陽子(ようし、英:proton)は、原子核を構成する粒子(核子)のひとつで、正の電荷(+e)を持ちます。中性子とともに原子核を形成しており、ある元素の原子が何個の陽子を持つか(原子番号)によって元素の種類が決まります。例えば、水素の原子核は陽子1個だけ、炭素は陽子6個、酸素は陽子8個です。
陽子の基本的な性質は以下のとおりです。
- 電荷:+1(電子の電荷と等しい大きさで符号が逆)
- 質量:電子の約1836倍。中性子とほぼ同じ質量を持つ
- 構造:素粒子のクォーク(アップクォーク2個+ダウンクォーク1個)が強い力で結合してできている
- 安定性:単独では非常に安定しており、実験的に崩壊は確認されていない
陽子は20世紀初頭、ラザフォードによって発見されました。原子核の存在を示したラザフォードの散乱実験(1909年)とその後の研究により、陽子が水素原子核と同一であることが確認されました。

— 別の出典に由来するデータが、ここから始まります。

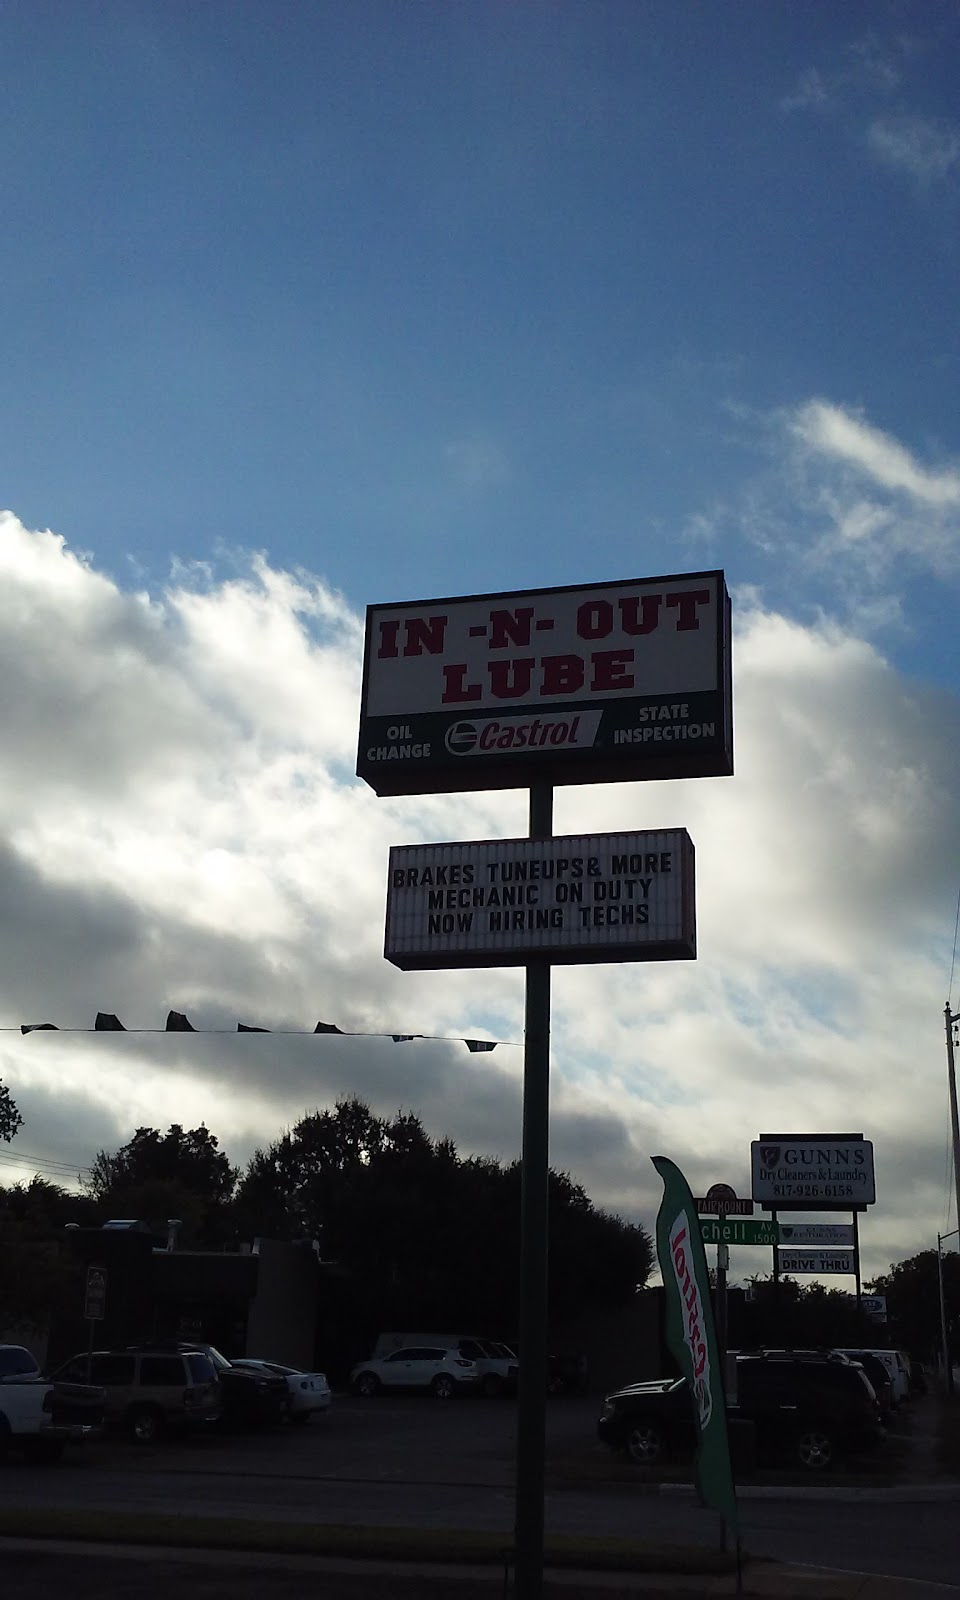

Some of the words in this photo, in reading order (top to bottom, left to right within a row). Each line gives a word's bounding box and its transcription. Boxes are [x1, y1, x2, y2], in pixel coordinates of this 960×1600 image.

現代の素粒子物理学では、陽子は「複合粒子」として扱われ、内部にクォークを含む複雑な構造体であることが分かっています。医療分野では陽子線治療(がんに陽子ビームを照射する放射線治療)に応用されており、正常組織へのダメージを抑えた精密ながん治療として注目されています。
使い方・例文
「原子番号は原子核内の陽子の数を表しており、陽子が6個の元素は炭素と決まっている。」理科・化学・物理の授業で原子・元素を学ぶときに必ず登場します。